Over time, we all have joined numerous networks online, opened up various accounts, updated different profiles, added ourselves to groups and lists, and published content related to ourselves and our firms. But how often do we check on all of those accounts and all of that content?

“Cleaning” and updating your online information should happen at least three or four times a year – usually more, now that we create and share information in real time. This post will give you a checklist to make it an easy, painless process, free of Lysol-fume-induced headaches.

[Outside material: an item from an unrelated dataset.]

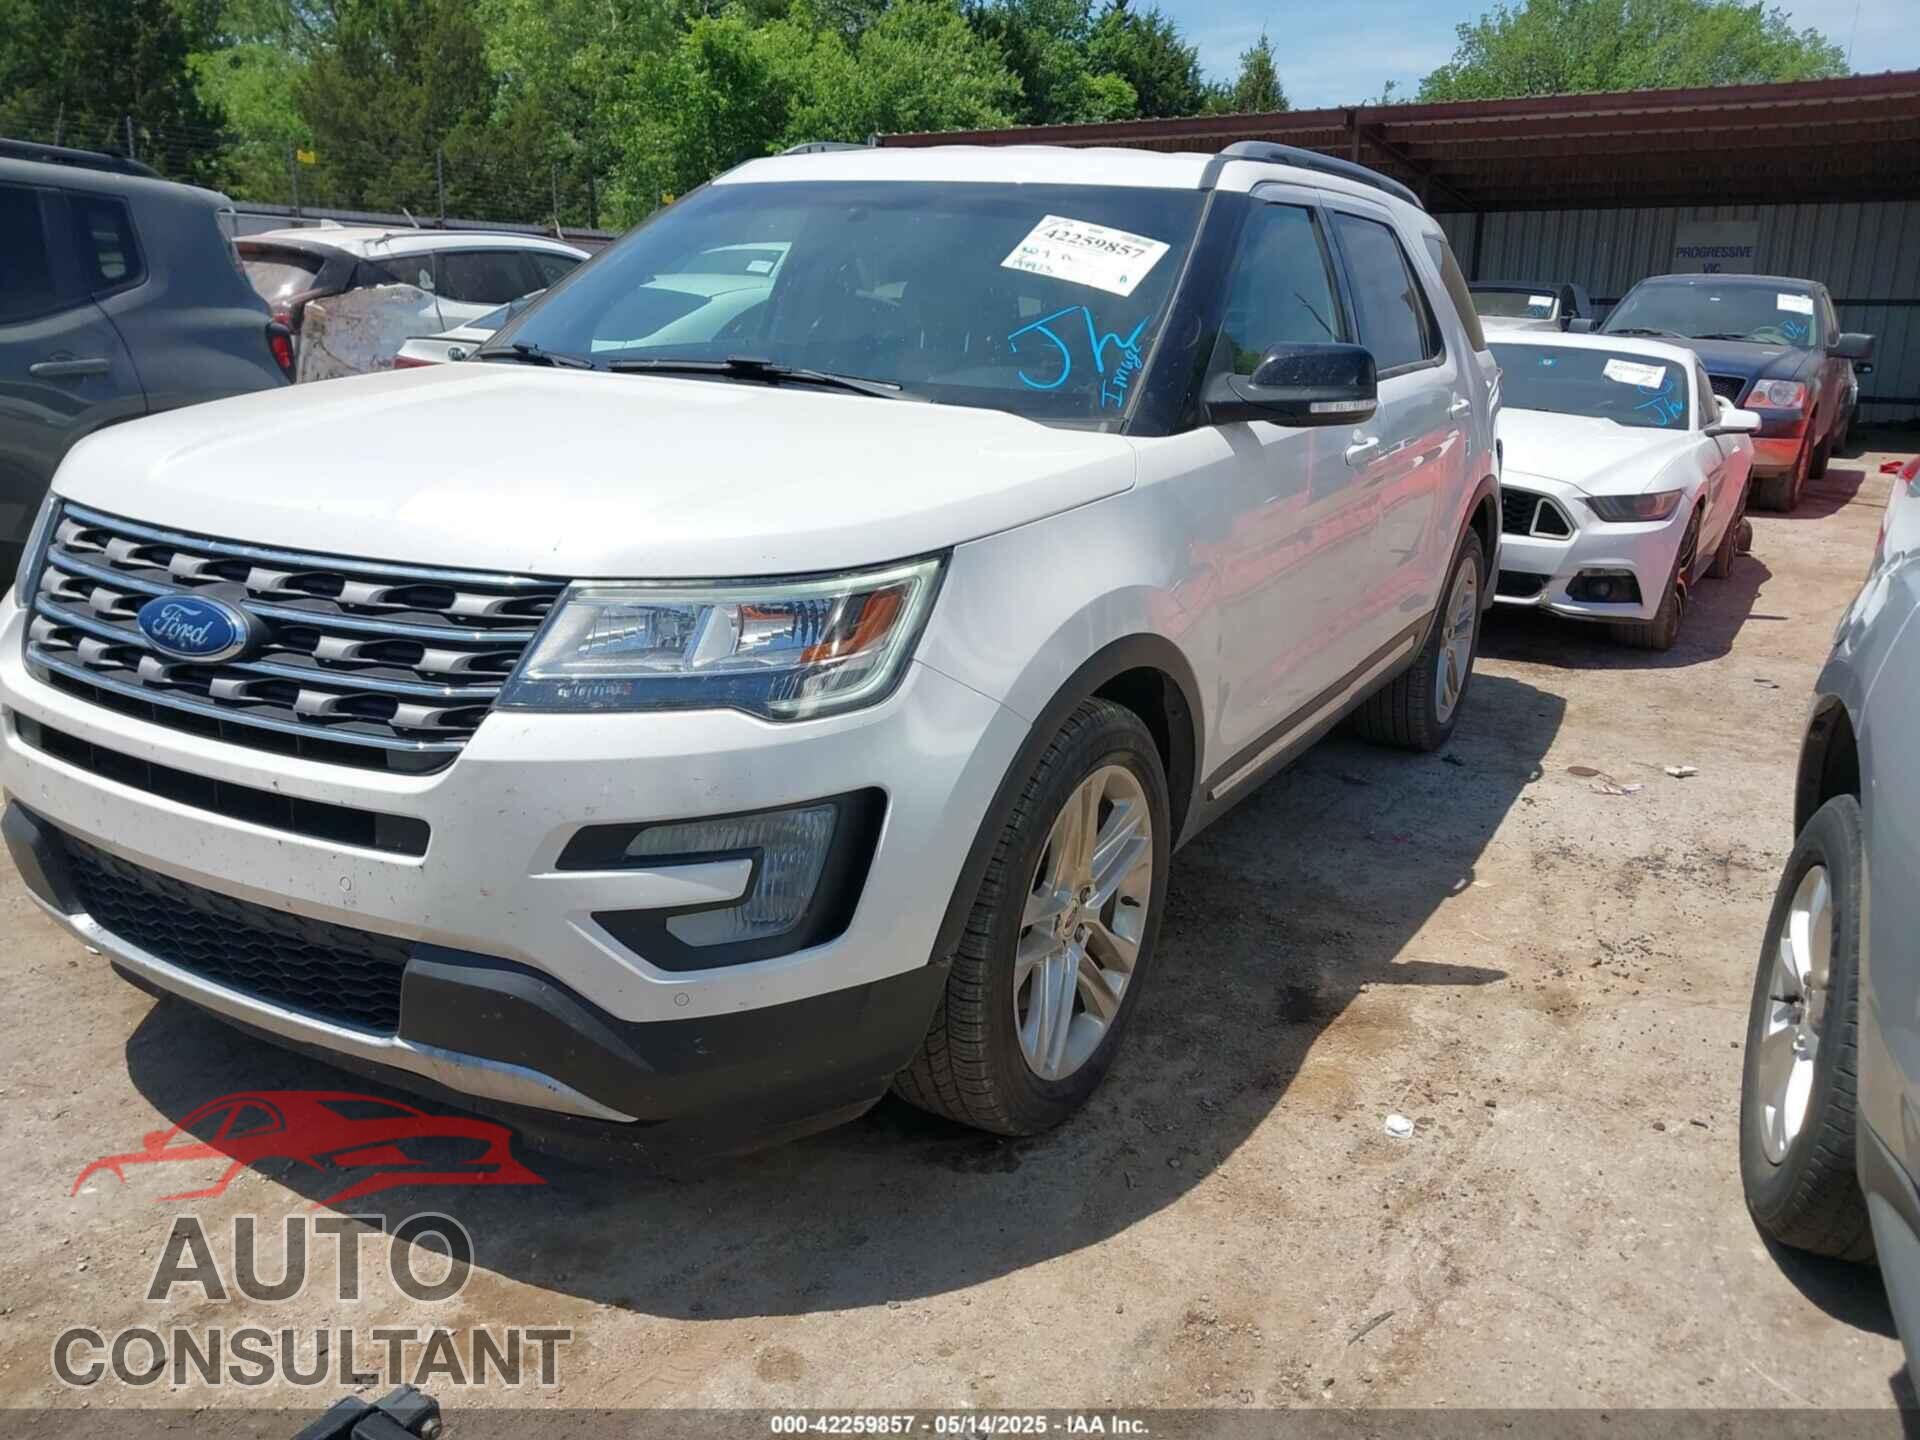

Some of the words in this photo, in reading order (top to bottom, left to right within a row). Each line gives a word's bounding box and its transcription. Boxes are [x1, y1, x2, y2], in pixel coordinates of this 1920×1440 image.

For your firm and/or personal website:

  • Homepage – Give your website visitors a reason to come back often. Have a news teaser on your homepage that links to your news page. Sync your blog to a section of the homepage so content is always changing – as long as you regularly “clean” and update your blog. Consider adding some personality to your site by incorporating a “sticky” idea that engages visitors (we use a Post-it note on our site).
  • News – The news page should be updated monthly at the minimum. This is where you can highlight recent media attention or your current activities as it relates to your practices or your geographic region. Letting this get two or three months out of date paints a sloppy picture to website visitors, who may include potential clients.
  • Bios – Often times, we write our own website biographies as soon as we are hired or as soon as the website goes live. Then we leave it stagnant for years. Just as the news changes, so do you! Update your bio at least once a year, highlighting new achievements and new interests.

For ALL your social media accounts:

  • Pictures – Most social media accounts allow you to upload a picture so that people can identify you. It is wise to use the same one or two pictures across all platforms to stay consistent, not to mention it helps friends and connections recognize you and reinforces that you are active across multiple platforms.
  • Profiles – With profiles, you need to decide which nuggets of information about you or your firm are the most important and make sure that information is readily available on EACH profile you have. This is an important part of maintaining your brand. As with a bio, this information changes over time, so be sure to revisit each profile at least once a year to make updates.
  • Alerts/Privacy – Every platform has different settings for privacy and notifications. Take 15 minutes to log in to the programs and applications you use and see which settings you may want to change. Do you want to know when someone starts following you on Twitter? Do you want all of your friends to know when you commented on something on Facebook? These are all easy to control, so make sure you know what power you have.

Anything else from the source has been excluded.